BUFFALO - Democrats picked off a heavily Republican New York congressional seat Tuesday in a special election that became a referendum on Medicare.
Erie County Clerk Kathy Hochul defeated Republican State Assemblywoman Jane Corwin to win the seat in the 26th Congressional District.
The rural-suburban district between Buffalo and Rochester is one of the state's most conservative. But Corwin saw her early lead dissolve after coming out in favor of a Republican budget plan that would cut billions from Medicare, the government health plan for seniors.
With 89 percent of precincts reporting, Hochul had 48 percent of the vote, compared with 42 percent for Corwin.
A chant of "Kathy, Kathy" went up at the Hochul headquarters at a suburban Amherst union hall.
A third candidate, tea party contender Jack Davis, also siphoned votes away from Corwin. He had 9 percent of the vote.
The seat became vacant in February when Republican Rep. Chris Lee resigned after shirtless photos he sent to a woman surfaced online.
The 26th District was one of only four districts in the state - out of 29 - that favored Republican John McCain over President Obama in 2008.
But Corwin, a multimillionaire state assemblywoman, watched her lead evaporate after expressing support for a plan crafted by House Budget Chairman Paul Ryan (R., Wis.) to strip billions from Medicare and recast it as a voucher program. Corwin said she supported the Ryan plan as a way to ensure Medicare for future generations.

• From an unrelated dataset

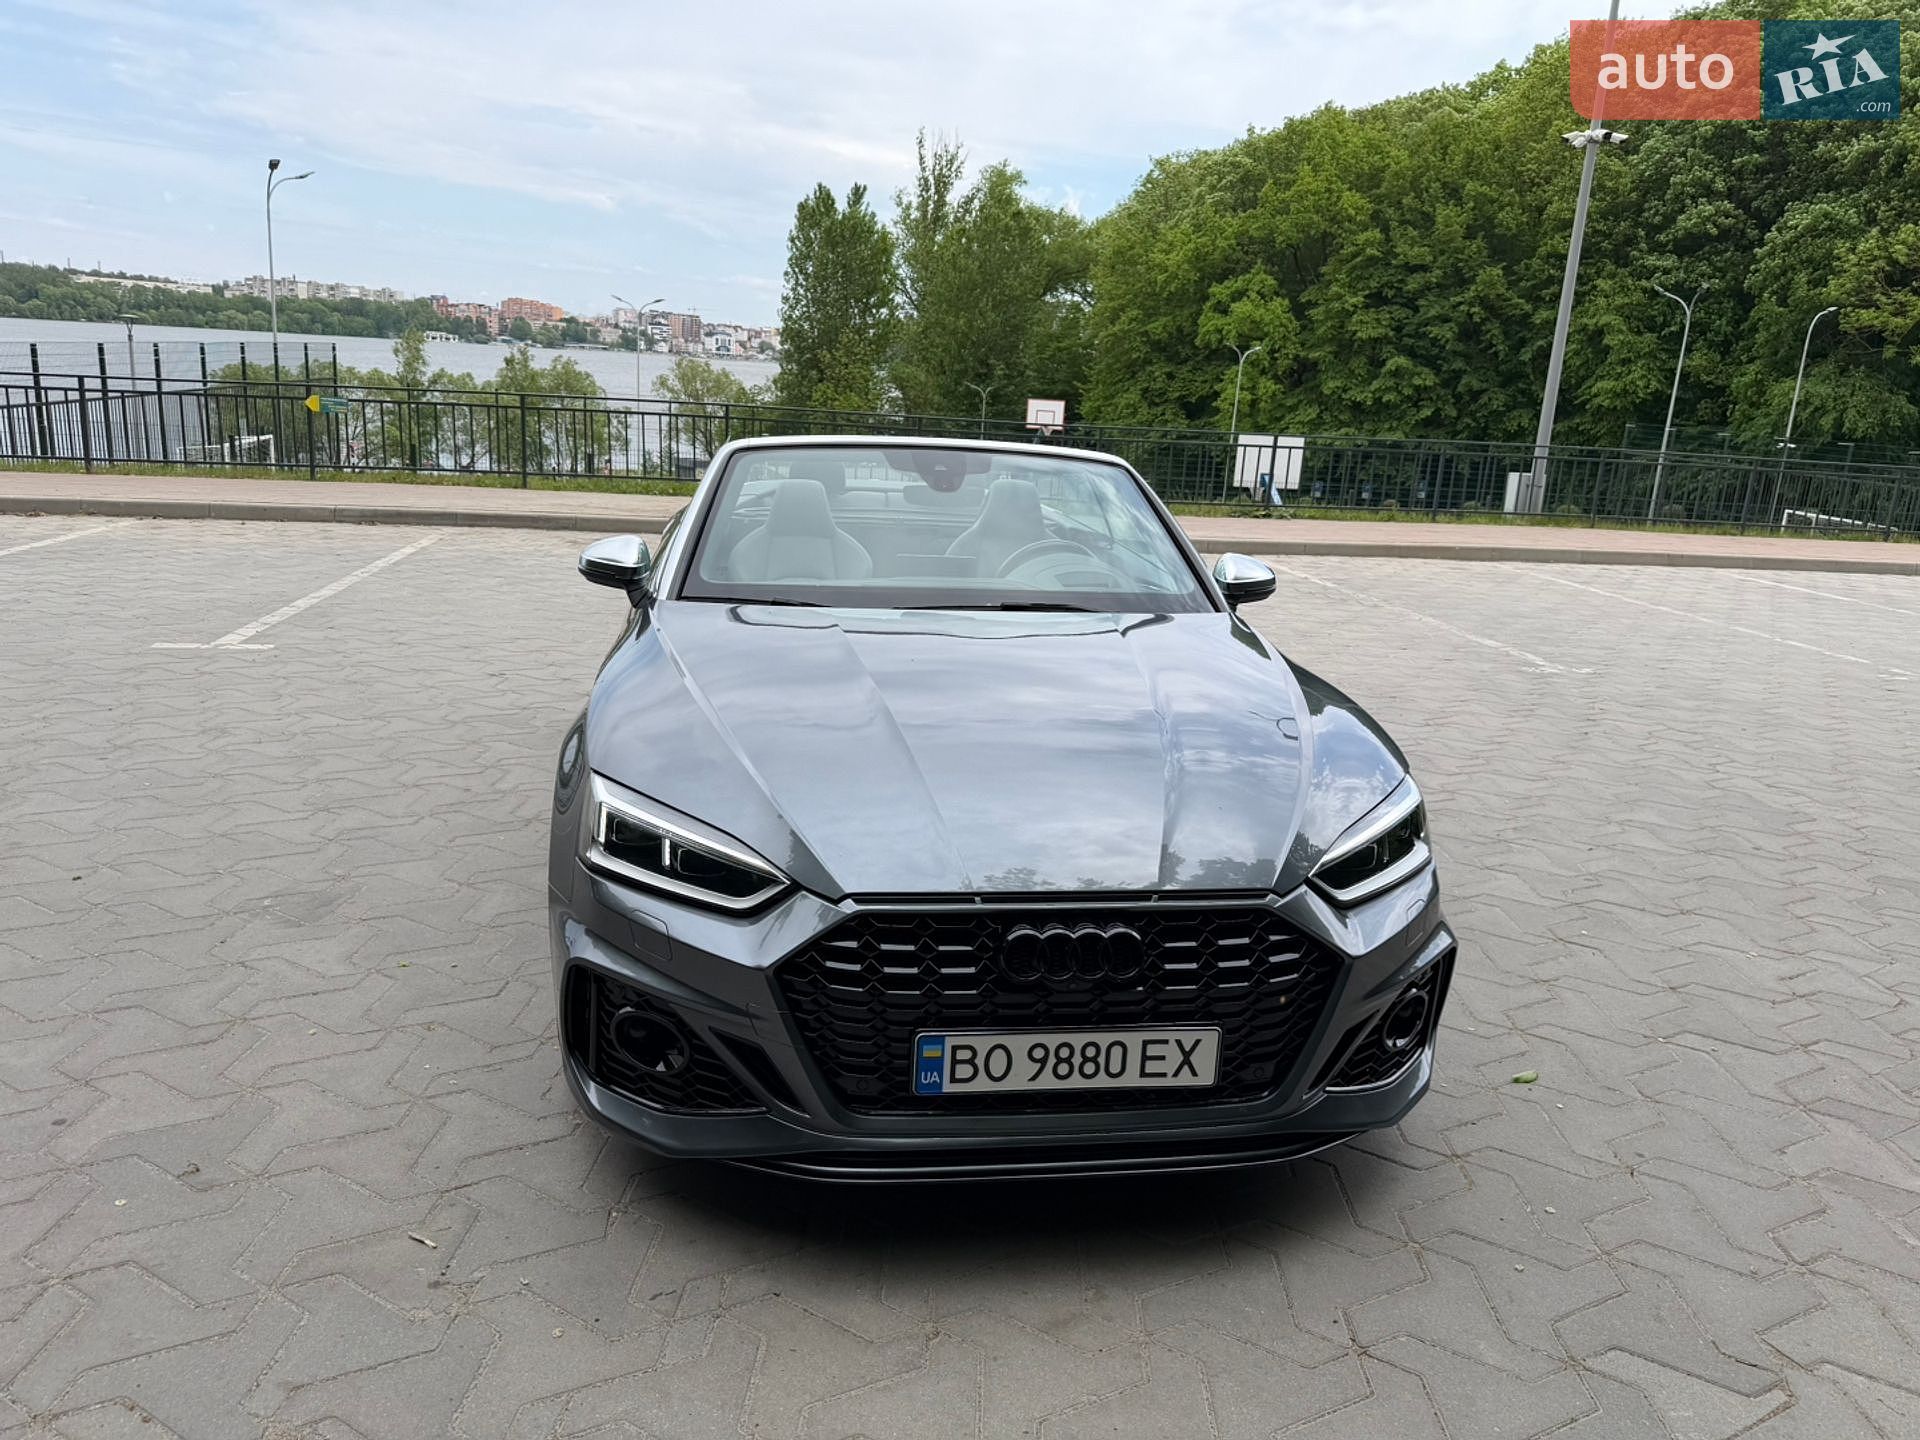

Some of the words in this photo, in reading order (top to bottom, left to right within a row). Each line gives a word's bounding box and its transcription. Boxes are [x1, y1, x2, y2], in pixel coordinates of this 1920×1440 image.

Hochul seized on Corwin's position and cast herself as the protector of Medicare in a district with a large population of voters over 55. Her television ads hammered the issue even as Corwin tried to shift her position, suggesting she would favor changing the Ryan plan if elected.
The race drew attention and more than $2 million from both national parties and several independent groups. Ryan and Gov. Christie endorsed Corwin, while former President Bill Clinton recorded a phone call for Hochul, and New York's popular Democratic Gov. Andrew Cuomo released an ad supporting her.
The married Lee, who had just started his second term, abruptly resigned after a gossip website published a shirtless cellphone photo he sent to a woman he had been flirting with on Craigslist.